Her entrepreneurial journey kicked off while serving as an organizer at Techstars Startup Weekend Aba in 2016 which she has continued to do since then, serving in other capacities such as judge, mentor and facilitator. 

Passionate about the growth of technology and entrepreneurship, in 2017, she founded Corporate Bestie to support entrepreneurs to start, launch and grow successful businesses, after her first business failed. In 2018 she co-founded Innovation Growth Hub (IGHub) a creative, business, and technology incubation Hub with office locations in Aba, Onitsha, Lagos, and Asaba.
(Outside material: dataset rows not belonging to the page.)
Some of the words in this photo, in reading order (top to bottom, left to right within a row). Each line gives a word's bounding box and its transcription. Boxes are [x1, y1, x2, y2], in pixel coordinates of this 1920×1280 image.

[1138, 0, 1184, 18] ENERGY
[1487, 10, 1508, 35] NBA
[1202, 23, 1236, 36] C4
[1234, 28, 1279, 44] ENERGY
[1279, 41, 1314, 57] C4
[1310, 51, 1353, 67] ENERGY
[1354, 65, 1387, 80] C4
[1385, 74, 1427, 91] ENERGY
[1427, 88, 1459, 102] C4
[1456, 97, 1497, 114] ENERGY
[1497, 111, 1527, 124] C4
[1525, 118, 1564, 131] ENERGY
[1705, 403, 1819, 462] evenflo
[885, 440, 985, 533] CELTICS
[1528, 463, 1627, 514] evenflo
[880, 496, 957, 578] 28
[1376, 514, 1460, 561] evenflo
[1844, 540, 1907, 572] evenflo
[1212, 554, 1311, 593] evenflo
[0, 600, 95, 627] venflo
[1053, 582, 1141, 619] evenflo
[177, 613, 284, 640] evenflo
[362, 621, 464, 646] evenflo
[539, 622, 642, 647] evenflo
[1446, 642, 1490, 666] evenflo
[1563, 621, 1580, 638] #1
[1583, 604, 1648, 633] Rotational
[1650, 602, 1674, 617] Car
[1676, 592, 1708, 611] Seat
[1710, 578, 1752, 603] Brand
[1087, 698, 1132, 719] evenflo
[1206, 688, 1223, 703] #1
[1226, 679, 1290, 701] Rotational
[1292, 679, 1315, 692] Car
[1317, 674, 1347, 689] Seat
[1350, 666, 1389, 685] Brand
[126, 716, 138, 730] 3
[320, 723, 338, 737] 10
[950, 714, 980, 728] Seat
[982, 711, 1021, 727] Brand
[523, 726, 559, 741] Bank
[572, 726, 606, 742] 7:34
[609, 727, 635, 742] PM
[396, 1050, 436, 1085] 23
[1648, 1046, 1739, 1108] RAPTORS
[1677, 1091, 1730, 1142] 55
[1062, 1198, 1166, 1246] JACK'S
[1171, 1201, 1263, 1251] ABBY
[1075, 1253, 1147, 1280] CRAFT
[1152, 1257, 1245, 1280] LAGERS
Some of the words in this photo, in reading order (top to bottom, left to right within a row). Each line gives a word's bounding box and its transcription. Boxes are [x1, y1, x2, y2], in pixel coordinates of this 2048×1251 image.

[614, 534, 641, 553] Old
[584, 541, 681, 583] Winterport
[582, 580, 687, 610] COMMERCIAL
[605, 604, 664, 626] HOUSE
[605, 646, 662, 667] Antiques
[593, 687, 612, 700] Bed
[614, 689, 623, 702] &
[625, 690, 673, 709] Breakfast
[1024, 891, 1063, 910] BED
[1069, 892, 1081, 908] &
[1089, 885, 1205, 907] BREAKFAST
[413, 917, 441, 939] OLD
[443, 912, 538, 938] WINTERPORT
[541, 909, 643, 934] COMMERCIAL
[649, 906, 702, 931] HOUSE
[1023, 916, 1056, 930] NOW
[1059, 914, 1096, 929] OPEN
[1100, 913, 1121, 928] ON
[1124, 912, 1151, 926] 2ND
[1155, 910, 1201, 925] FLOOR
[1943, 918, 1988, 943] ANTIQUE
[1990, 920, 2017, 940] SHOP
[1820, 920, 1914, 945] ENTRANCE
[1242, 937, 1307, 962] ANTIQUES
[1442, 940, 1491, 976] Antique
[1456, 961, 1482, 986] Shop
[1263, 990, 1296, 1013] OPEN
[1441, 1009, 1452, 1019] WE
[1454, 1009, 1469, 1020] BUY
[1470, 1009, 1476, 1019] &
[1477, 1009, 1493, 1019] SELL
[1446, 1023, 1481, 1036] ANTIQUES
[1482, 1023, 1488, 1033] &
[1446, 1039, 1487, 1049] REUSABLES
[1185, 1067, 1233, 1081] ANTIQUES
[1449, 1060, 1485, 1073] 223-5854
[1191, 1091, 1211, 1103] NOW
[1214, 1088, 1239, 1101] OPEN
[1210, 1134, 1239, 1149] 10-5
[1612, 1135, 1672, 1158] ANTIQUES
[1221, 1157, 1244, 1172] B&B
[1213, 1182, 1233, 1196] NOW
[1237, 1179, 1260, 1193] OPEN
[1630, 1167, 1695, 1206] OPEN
IGHub carries out its activities by working with startup entrepreneurs, innovators, and SMEs at various stages of maturity by providing space, mentorship, steady internet supply, power, training, business support services, and a warm community and network in order to drive innovation, technology adoption, skills development, and economic advancement. So far, Innovation Growth Hub has impacted and supported over 30,000 individuals and MSMEs to start and scale their businesses.
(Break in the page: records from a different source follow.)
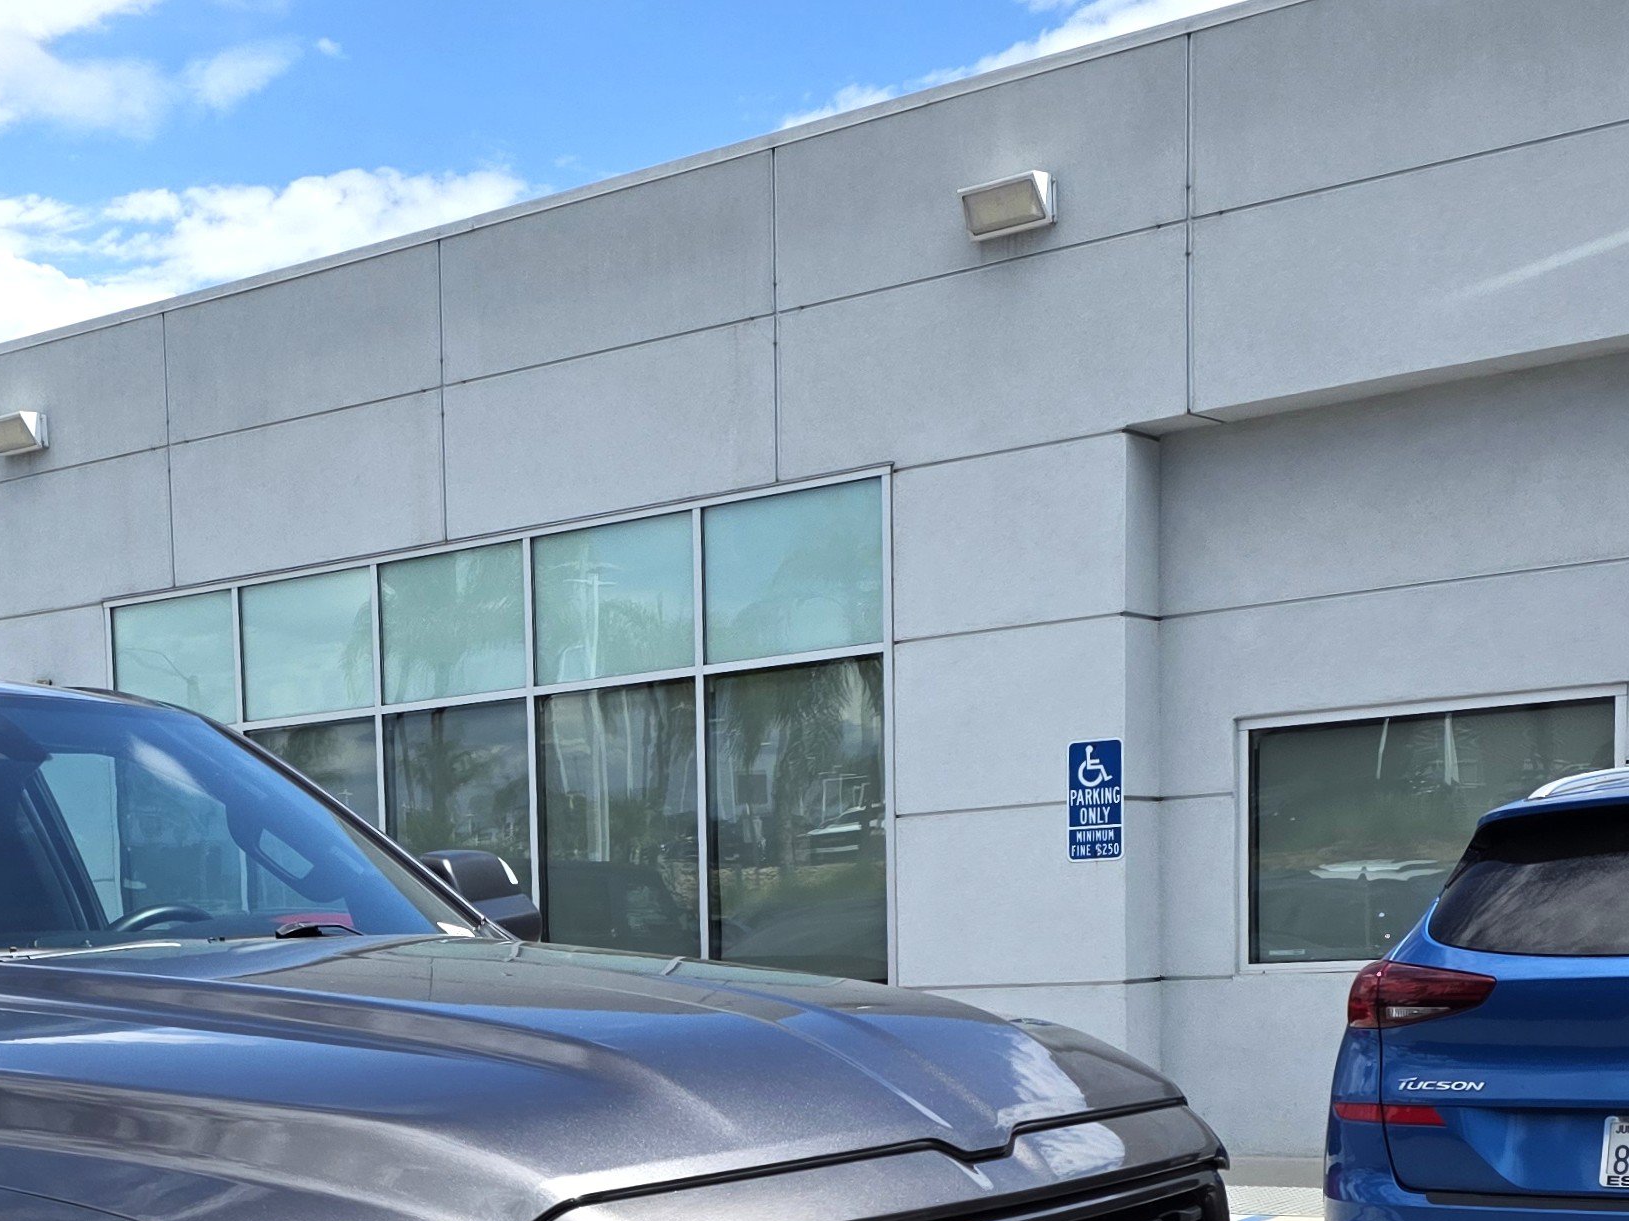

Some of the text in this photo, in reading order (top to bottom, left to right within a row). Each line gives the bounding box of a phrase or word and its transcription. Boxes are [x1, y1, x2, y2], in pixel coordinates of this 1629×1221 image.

[1070, 786, 1120, 806] PARKING
[1080, 806, 1111, 825] ONLY
[1076, 829, 1114, 843] MINIMUM
[1071, 843, 1119, 857] FINE $250
[1398, 1077, 1485, 1092] TUCSON
[1615, 1124, 1629, 1134] JU
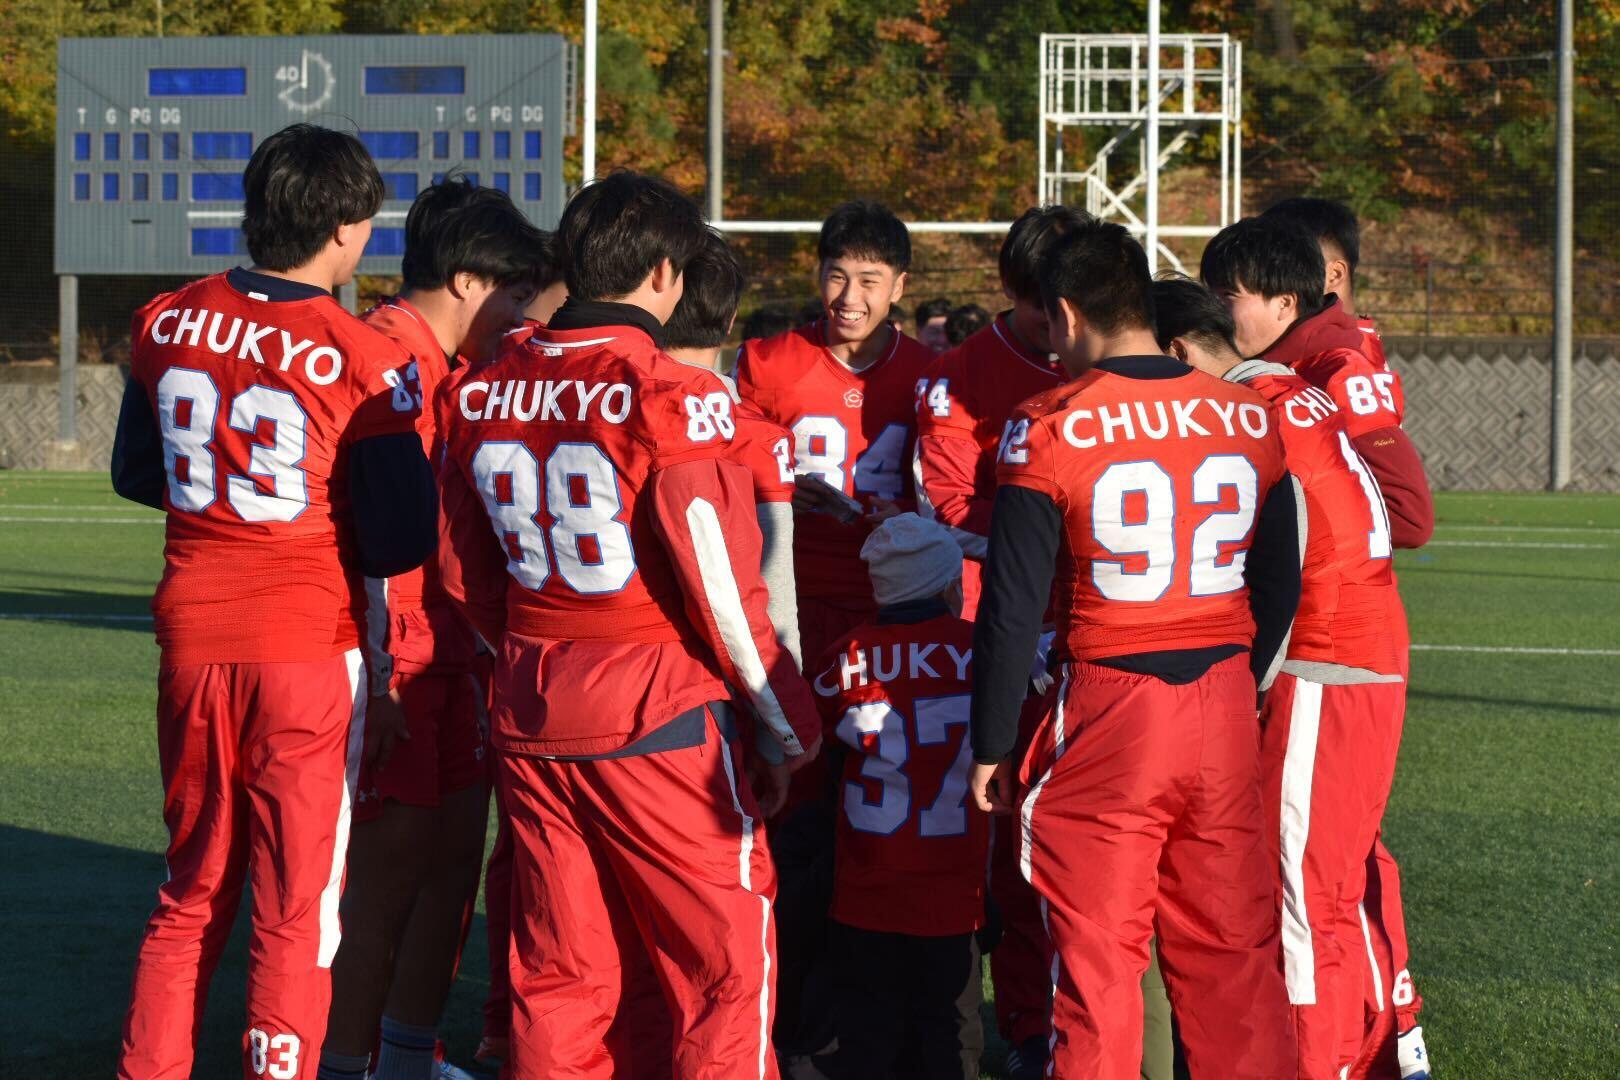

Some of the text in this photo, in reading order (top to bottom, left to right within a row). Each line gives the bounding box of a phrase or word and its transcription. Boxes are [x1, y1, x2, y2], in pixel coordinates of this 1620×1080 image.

[275, 65, 299, 82] 40
[77, 107, 181, 124] T G PG DG
[435, 105, 543, 123] T G PG DG
[151, 309, 342, 385] CHUKYO
[459, 379, 631, 423] CHUKYO
[685, 391, 735, 442] 88
[1345, 374, 1396, 416] 85
[158, 366, 309, 522] 83
[1063, 399, 1269, 448] CHUKYO
[472, 441, 637, 594] 88
[1091, 454, 1258, 602] 92
[836, 694, 973, 837] 37
[248, 1027, 301, 1080] 83
In 2017, she founded Bestie Network Africa, a women's development community where she mentors and trains over 4,000 young African women between the ages of 17 – 35, providing them with access to opportunities, resources and programs to help them live their very best life, build businesses and empower their communities. One of such programs is the Value Circle Mentorship Program that helps women identify and maximize their skills and passion to build profitable businesses and lead change in their communities. The flagship event of this community is Fempower Africa which is held annually in celebration of International Women's Day. FemPower Africa, is an annual learning and networking event for professional and entrepreneurial women which has held 3 times as a physical event from 2017 - 2019 in south-east Nigeria with over 500 young women in attendance and a virtual event in 2020 with over 4,500 registered participants

Atti has worked in partnerships with several international and local organizations in the private and public sectors including Google, Facebook now Meta, She Leads Africa, Ventures Platform, Abia State Government, Tony Elumelu Foundation, to promote entrepreneurship, innovation, technology adoption, digital skills development, women and youth development, corporate governance and regulatory compliance.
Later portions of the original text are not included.